安倍晋三首相と野党4党首による党首討論が19日、約1年ぶりに開かれた。
各党首は「老後2000万円」の報告書問題に絞り、「年金制度の安心ばかりが強調され、国民の不安に向き合っていない」(立憲民主党の枝野幸男代表)、「政権の隠蔽(いんぺい)体質がアベノミクスの阻害要因だ」(国民民主党の玉木雄一郎代表)などと、報告書に向き合わない政府の姿勢を批判した。
首相は「大きな誤解が生じた」と反論し、持論の主張に終始した。
一方、野党の関心事でもある衆院解散の有無を直球質問したのは、4人の最年長、片山虎之助・日本維新の会共同代表(83)だけ。「他の党首は言いたくても言えない」と述べ、本音では解散に慎重な野党の及び腰ぶりをあぶり出した。

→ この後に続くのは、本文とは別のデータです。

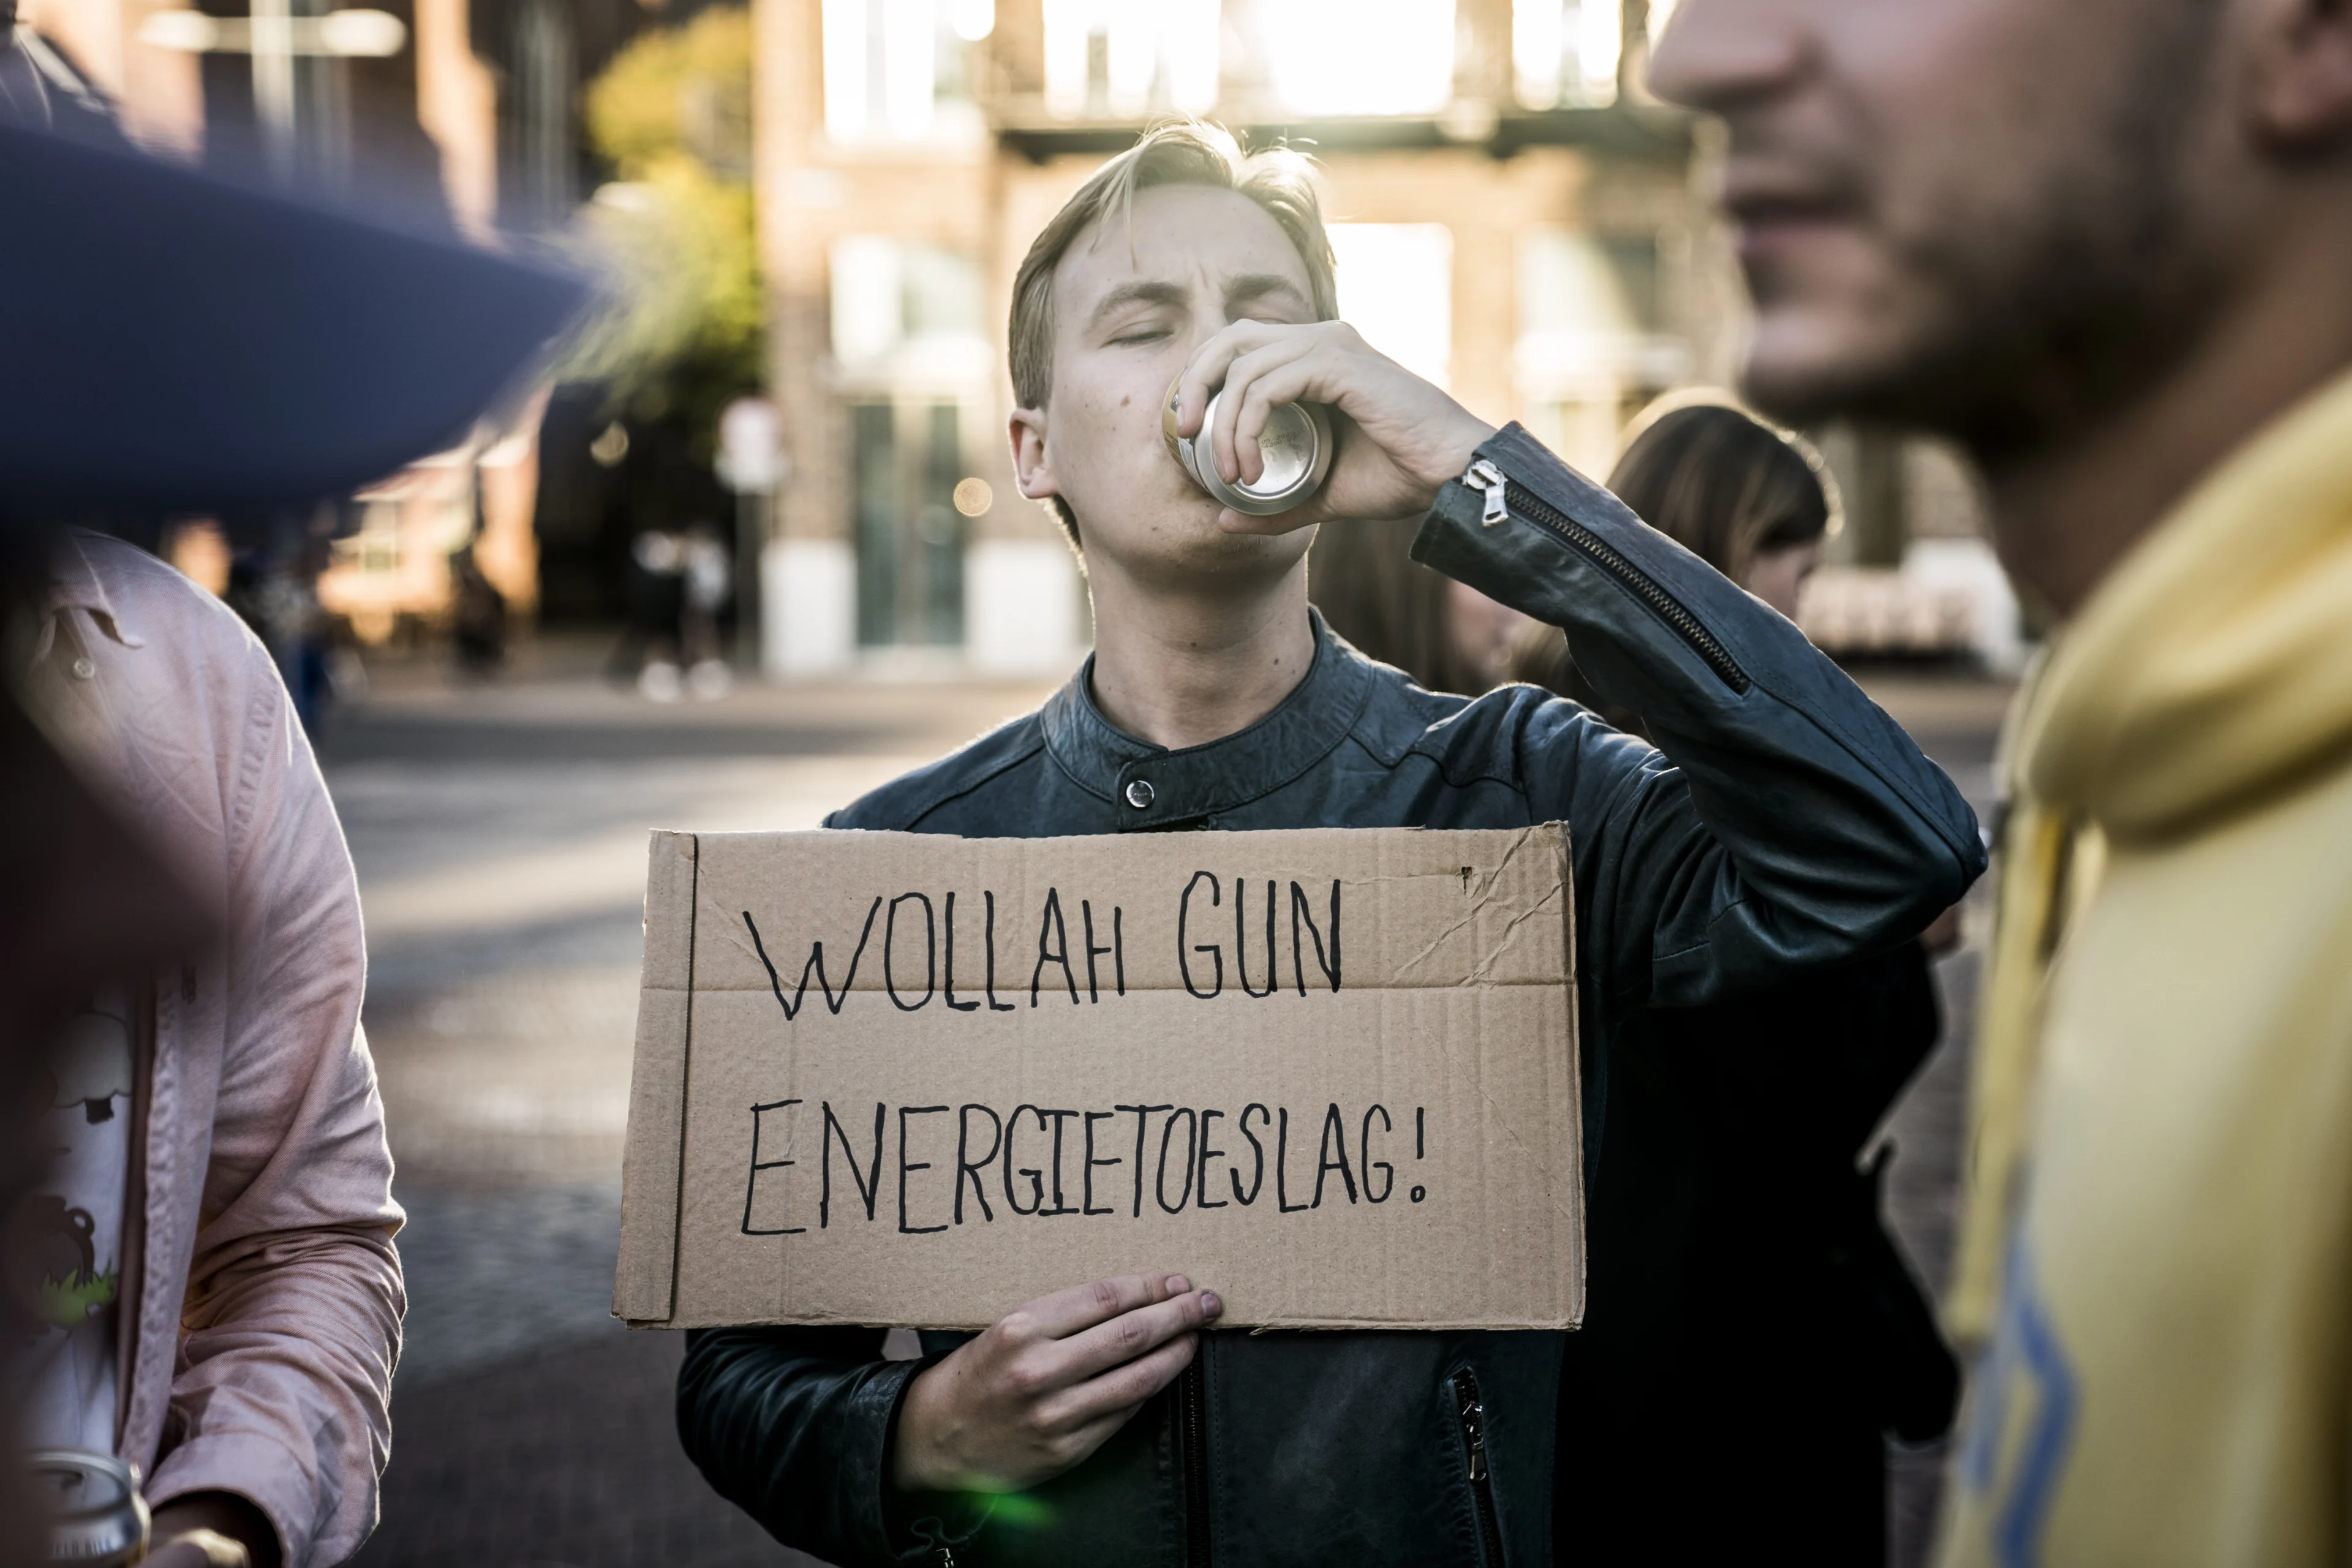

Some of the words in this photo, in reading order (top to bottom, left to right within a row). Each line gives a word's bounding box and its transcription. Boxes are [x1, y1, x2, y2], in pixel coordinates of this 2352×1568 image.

[742, 886, 1126, 1022] WOLLAH
[1177, 870, 1342, 1000] GUN
[740, 1098, 1427, 1237] ENERGIETOESLAG!

最初、首相は「私の頭の片隅にはない」と発言。片隅以外にあるのかと、議員がざわつくと「片隅にもないと言った方がいいかもしれない」。ただ「この後、どう展開するかは国会の皆さんに任せている。予測はできない」と思わせぶりにも語り、内閣不信任決議案が提出された場合の解散には触れなかった。老練な片山氏は「首相は解散と為替(公定歩合)はうそを言ってもいい」と、国会トリビアの解説も補足説明した。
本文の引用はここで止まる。